Dès lors qu’il est question de compensations, Israël est encore plus généreux. Il veut s’arroger 18,6 millions de dounoms de terres palestiniennes, un nombre énorme de bâtiments, de commerces, d’entreprises, de fermes, de bien meubles, au moins 1 200 millions de mètres cubes d’eau et d’autres ressources naturelles, des propriétés publiques et historiques, des aéroports, des camps militaires, des voies de chemin de fer, des routes, des mines – tout ça devant être payé par un « fonds international » bénéficiant d’une très modique contribution d’Israël. En retour, Israël serait le propriétaire légal de tous ces biens volés. Aucune mention d’un quelconque dédommagement pour ses crimes de guerre ni ses crimes contre l’humanité. Bien entendu, nulle mention, non plus, du fait que les Palestiniens sont fondés en droit à retourner chez eux ET à percevoir des dédommagements pour leurs souffrances et leurs biens perdus.

Baskin résume à merveille la position israélienne : « Quiconque comprend un minimum ce que sont Israël et les Israéliens doit prendre conscience du fait qu’il n’y aura aucun retour [de réfugiés palestiniens] en Israël même ». Autrement dit, plus simplement : Israël veut poursuivre son épuration ethnique, il veut poursuivre sa politique raciste d’apartheid et, en réalité, il ne veut pas vivre en paix « avec » les Palestiniens, mais « à leur place » !
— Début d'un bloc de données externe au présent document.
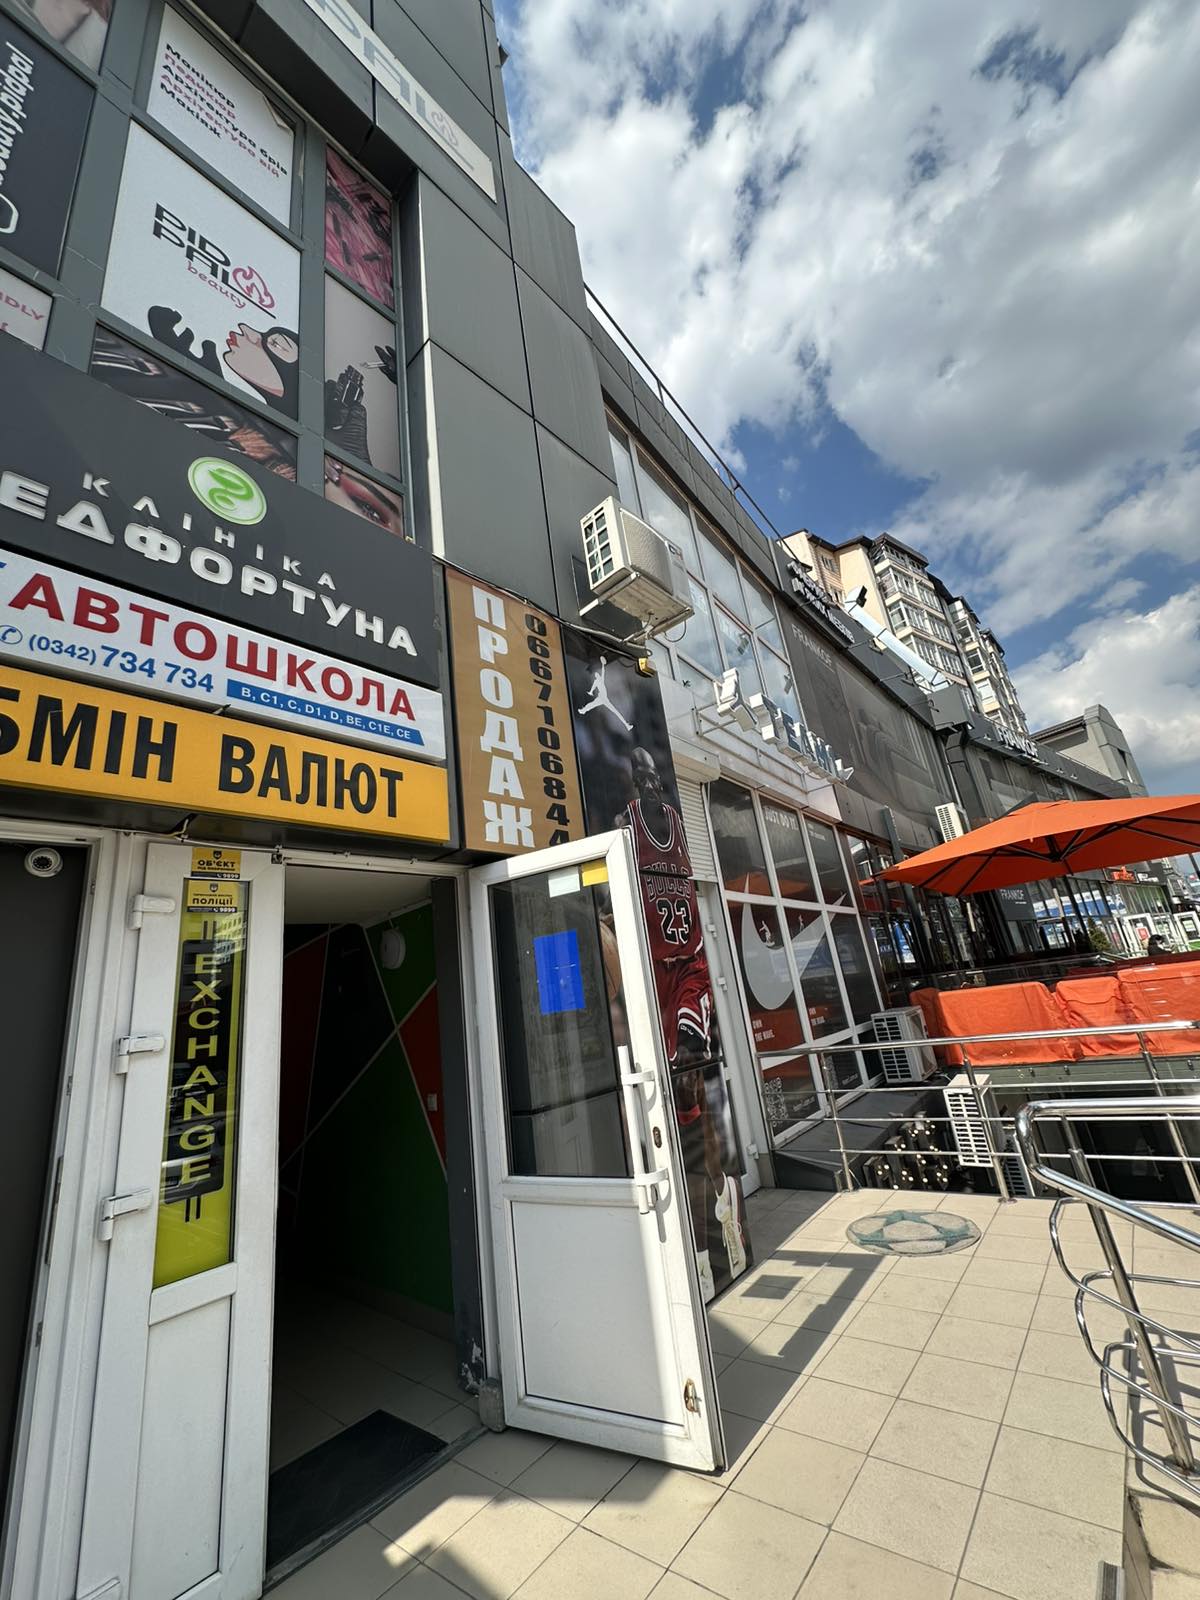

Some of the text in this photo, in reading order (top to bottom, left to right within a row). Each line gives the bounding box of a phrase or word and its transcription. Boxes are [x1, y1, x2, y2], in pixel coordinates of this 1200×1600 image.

Les Palestiniens, et avec eux, la majorité des citoyens du monde entier, sont déterminés à rechercher la justice, à éradiquer le racisme et l’apartheid. Tout comme l’a fait, en son temps, l’Afrique du Sud. Ils n’ont nulle intention de disparaître dans la nature.

La véritable « amitié » de Baskin devrait plutôt aller vers les Israéliens, pour les aider à se sortir de leur amnésie collective sur ce qu’ils ont fait et continuent à faire aux Palestiniens et leur expliquer que leur salut réside dans l’élimination du racisme, totalement et définitivement. Ils doivent changer de comportement, renverser l’épuration ethnique et offrir des réparations.

Car il est évident que l’histoire des juifs restera en fin de compte marquée de manière indélébile, et plus durablement que par tous les autres événements historiques, aussi dramatiques aient-ils été, par ce qu’ils ont fait en Palestine.

[* Salman Abu Sitta, écrivain palestinien, est spécialiste de la question des réfugiés.]